Source material -

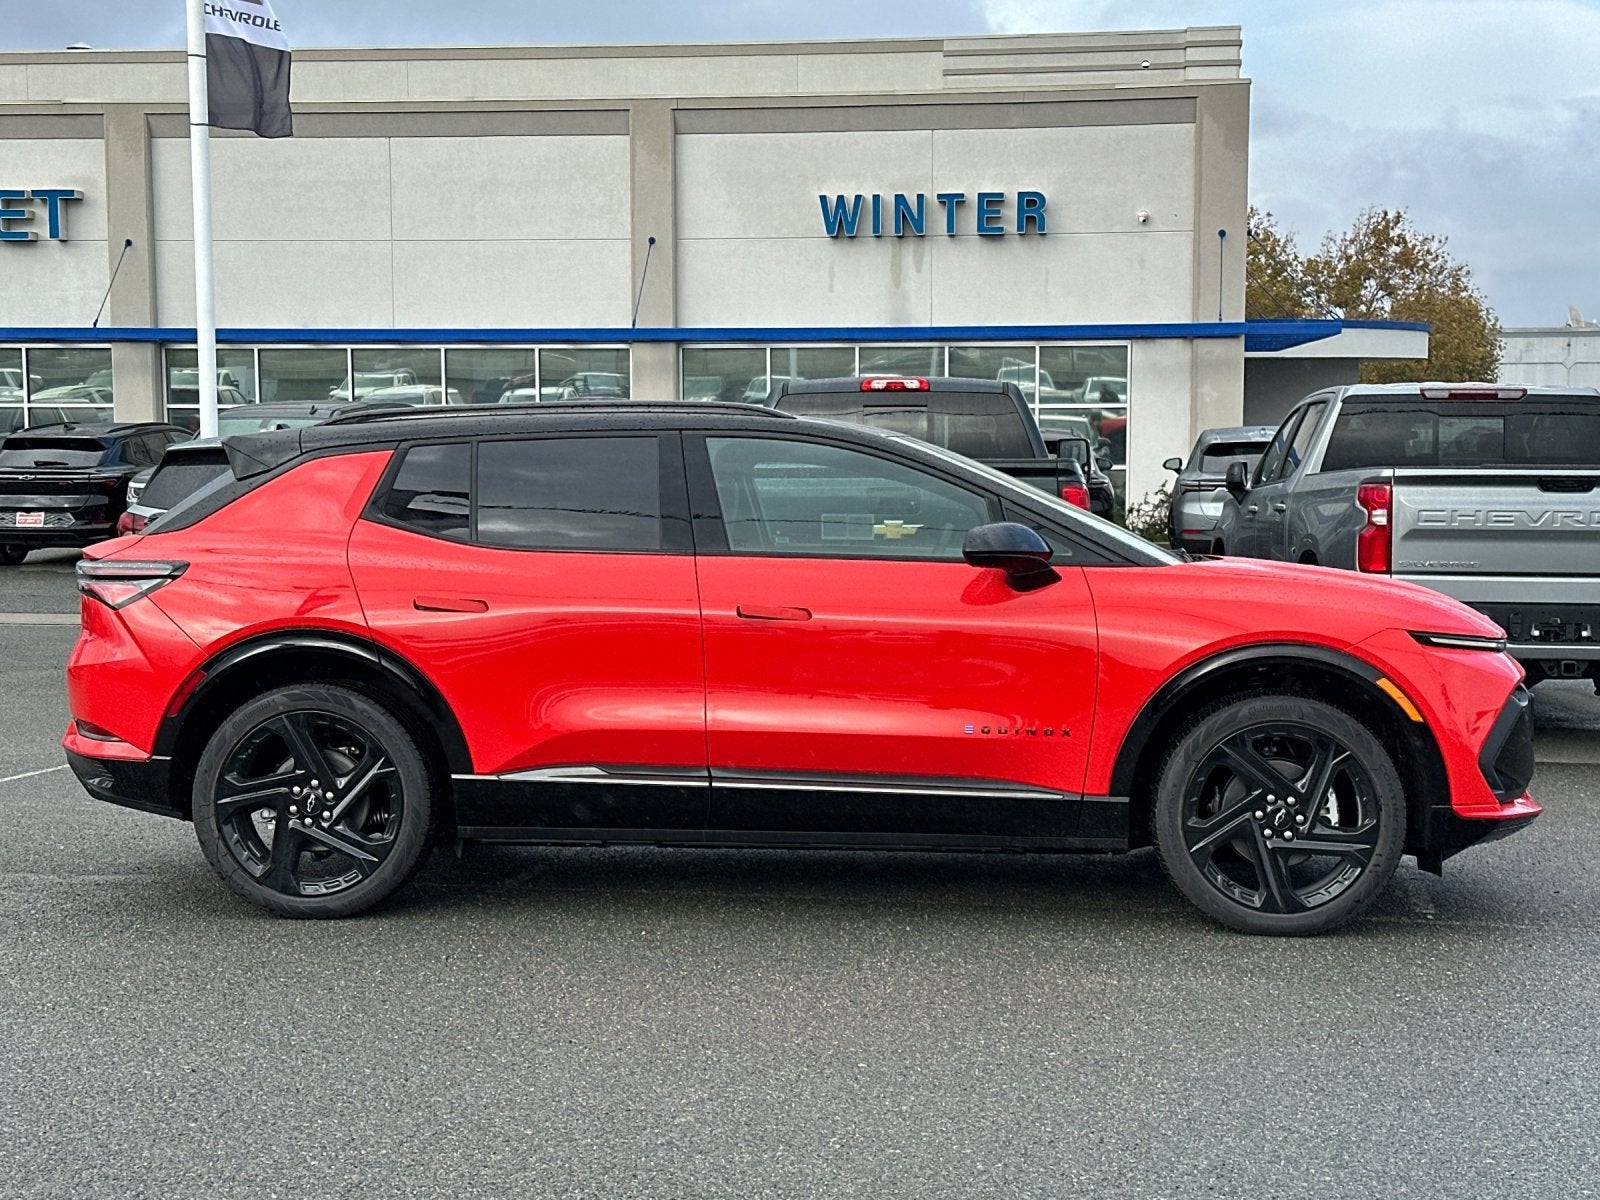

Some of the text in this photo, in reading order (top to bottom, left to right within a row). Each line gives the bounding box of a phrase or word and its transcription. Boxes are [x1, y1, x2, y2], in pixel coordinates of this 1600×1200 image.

[818, 190, 1048, 238] WINTER
[1399, 560, 1481, 568] SILVERADO
[963, 724, 1072, 738] EQUINOX
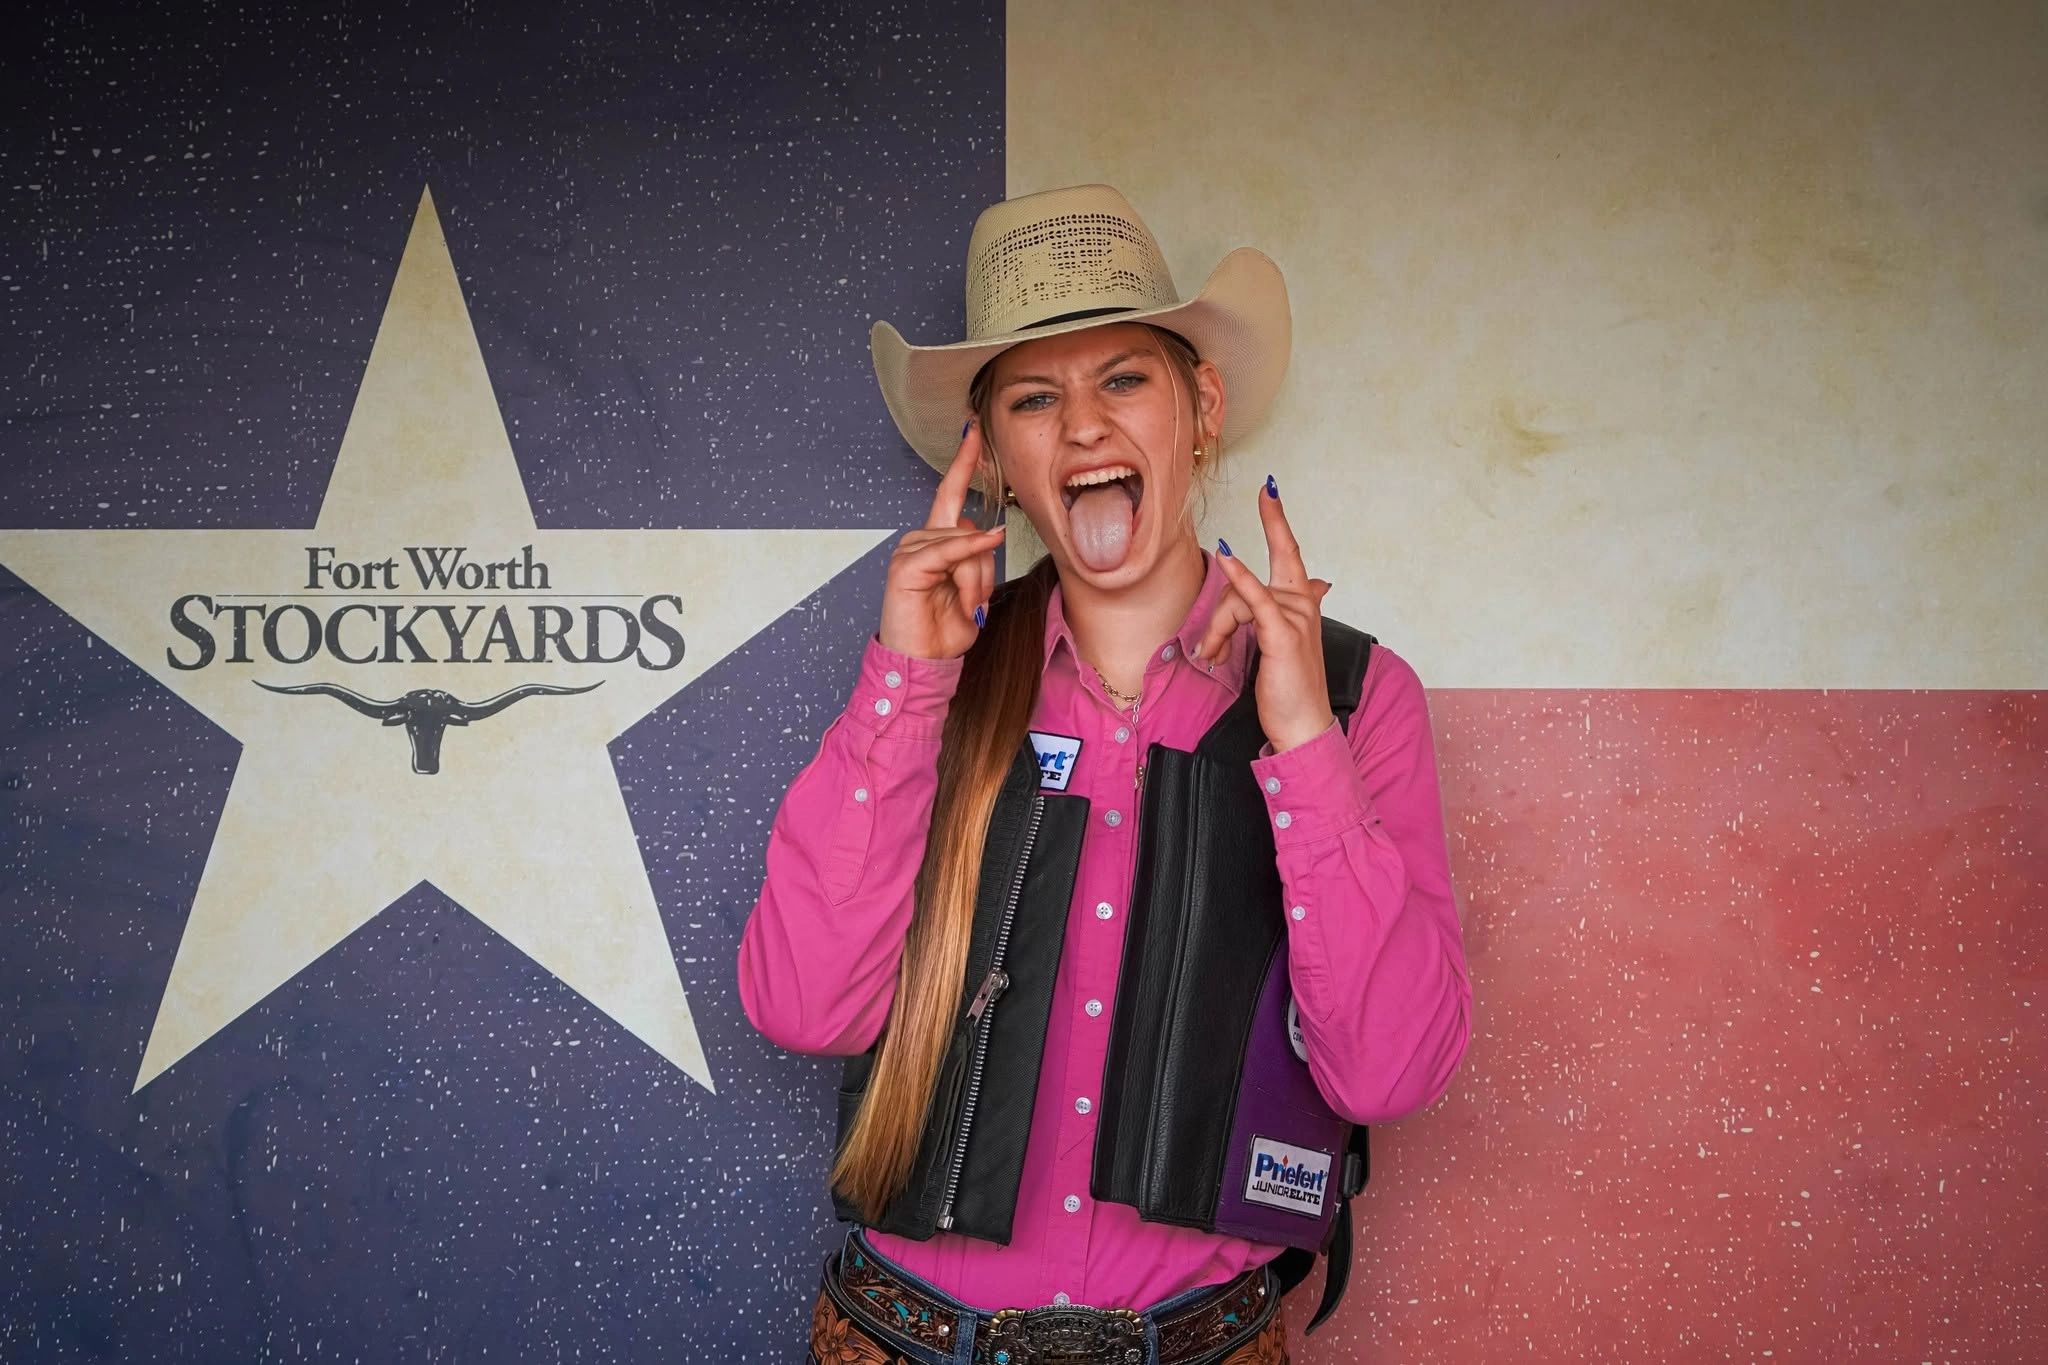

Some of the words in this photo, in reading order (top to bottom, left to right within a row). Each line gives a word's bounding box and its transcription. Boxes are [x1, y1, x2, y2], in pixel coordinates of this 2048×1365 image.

Your goal - What is needed is an exact printout of every record above, with the pictures left out.

Output below -
Some of the text in this photo, in reading order (top to bottom, left to right within a row). Each line gives the bounding box of a phrase or word and its transcription. Boxes are [x1, y1, x2, y2], in pixel coordinates of this 1600×1200 image.

[818, 190, 1048, 238] WINTER
[1399, 560, 1481, 568] SILVERADO
[963, 724, 1072, 738] EQUINOX

Some of the words in this photo, in reading order (top to bottom, left to right within a row). Each line gives a word's bounding box and its transcription. Boxes are [x1, y1, x2, y2], in pixel coordinates of this 2048×1365 image.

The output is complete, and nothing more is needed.